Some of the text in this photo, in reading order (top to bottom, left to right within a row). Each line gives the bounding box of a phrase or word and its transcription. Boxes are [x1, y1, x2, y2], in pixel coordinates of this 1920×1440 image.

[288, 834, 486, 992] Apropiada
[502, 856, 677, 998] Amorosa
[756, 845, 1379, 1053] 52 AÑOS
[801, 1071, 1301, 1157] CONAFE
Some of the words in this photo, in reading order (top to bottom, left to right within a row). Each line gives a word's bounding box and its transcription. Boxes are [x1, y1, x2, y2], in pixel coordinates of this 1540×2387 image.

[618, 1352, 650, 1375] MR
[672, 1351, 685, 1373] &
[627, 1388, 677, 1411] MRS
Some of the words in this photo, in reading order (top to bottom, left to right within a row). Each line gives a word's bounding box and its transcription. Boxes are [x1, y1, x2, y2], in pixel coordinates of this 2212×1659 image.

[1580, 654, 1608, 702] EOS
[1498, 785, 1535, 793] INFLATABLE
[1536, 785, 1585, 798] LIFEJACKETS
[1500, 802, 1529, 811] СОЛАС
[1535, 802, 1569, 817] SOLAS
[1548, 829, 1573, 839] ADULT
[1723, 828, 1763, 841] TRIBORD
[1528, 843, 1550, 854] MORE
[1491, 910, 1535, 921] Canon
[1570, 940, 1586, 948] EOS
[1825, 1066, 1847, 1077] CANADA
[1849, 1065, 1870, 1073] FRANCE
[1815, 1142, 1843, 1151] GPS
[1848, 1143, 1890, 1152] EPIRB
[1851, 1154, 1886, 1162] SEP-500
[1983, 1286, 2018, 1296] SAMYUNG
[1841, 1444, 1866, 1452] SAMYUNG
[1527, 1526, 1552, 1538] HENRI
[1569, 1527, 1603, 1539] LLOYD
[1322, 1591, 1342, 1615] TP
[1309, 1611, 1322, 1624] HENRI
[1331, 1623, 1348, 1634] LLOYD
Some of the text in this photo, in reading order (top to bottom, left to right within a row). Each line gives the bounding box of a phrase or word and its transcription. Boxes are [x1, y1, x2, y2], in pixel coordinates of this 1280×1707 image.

########

Your task is to repeat the data exactly; please include every line.

▶ RESPONSE BELOW
Some of the text in this photo, in reading order (top to bottom, left to right within a row). Each line gives the bounding box of a phrase or word and its transcription. Boxes are [x1, y1, x2, y2], in pixel coordinates of this 1920×1440 image.

[288, 834, 486, 992] Apropiada
[502, 856, 677, 998] Amorosa
[756, 845, 1379, 1053] 52 AÑOS
[801, 1071, 1301, 1157] CONAFE
Some of the words in this photo, in reading order (top to bottom, left to right within a row). Each line gives a word's bounding box and its transcription. Boxes are [x1, y1, x2, y2], in pixel coordinates of this 1540×2387 image.

[618, 1352, 650, 1375] MR
[672, 1351, 685, 1373] &
[627, 1388, 677, 1411] MRS
Some of the words in this photo, in reading order (top to bottom, left to right within a row). Each line gives a word's bounding box and its transcription. Boxes are [x1, y1, x2, y2], in pixel coordinates of this 2212×1659 image.

[1580, 654, 1608, 702] EOS
[1498, 785, 1535, 793] INFLATABLE
[1536, 785, 1585, 798] LIFEJACKETS
[1500, 802, 1529, 811] СОЛАС
[1535, 802, 1569, 817] SOLAS
[1548, 829, 1573, 839] ADULT
[1723, 828, 1763, 841] TRIBORD
[1528, 843, 1550, 854] MORE
[1491, 910, 1535, 921] Canon
[1570, 940, 1586, 948] EOS
[1825, 1066, 1847, 1077] CANADA
[1849, 1065, 1870, 1073] FRANCE
[1815, 1142, 1843, 1151] GPS
[1848, 1143, 1890, 1152] EPIRB
[1851, 1154, 1886, 1162] SEP-500
[1983, 1286, 2018, 1296] SAMYUNG
[1841, 1444, 1866, 1452] SAMYUNG
[1527, 1526, 1552, 1538] HENRI
[1569, 1527, 1603, 1539] LLOYD
[1322, 1591, 1342, 1615] TP
[1309, 1611, 1322, 1624] HENRI
[1331, 1623, 1348, 1634] LLOYD
Some of the text in this photo, in reading order (top to bottom, left to right within a row). Each line gives the bounding box of a phrase or word and its transcription. Boxes are [x1, y1, x2, y2], in pixel coordinates of this 1280×1707 image.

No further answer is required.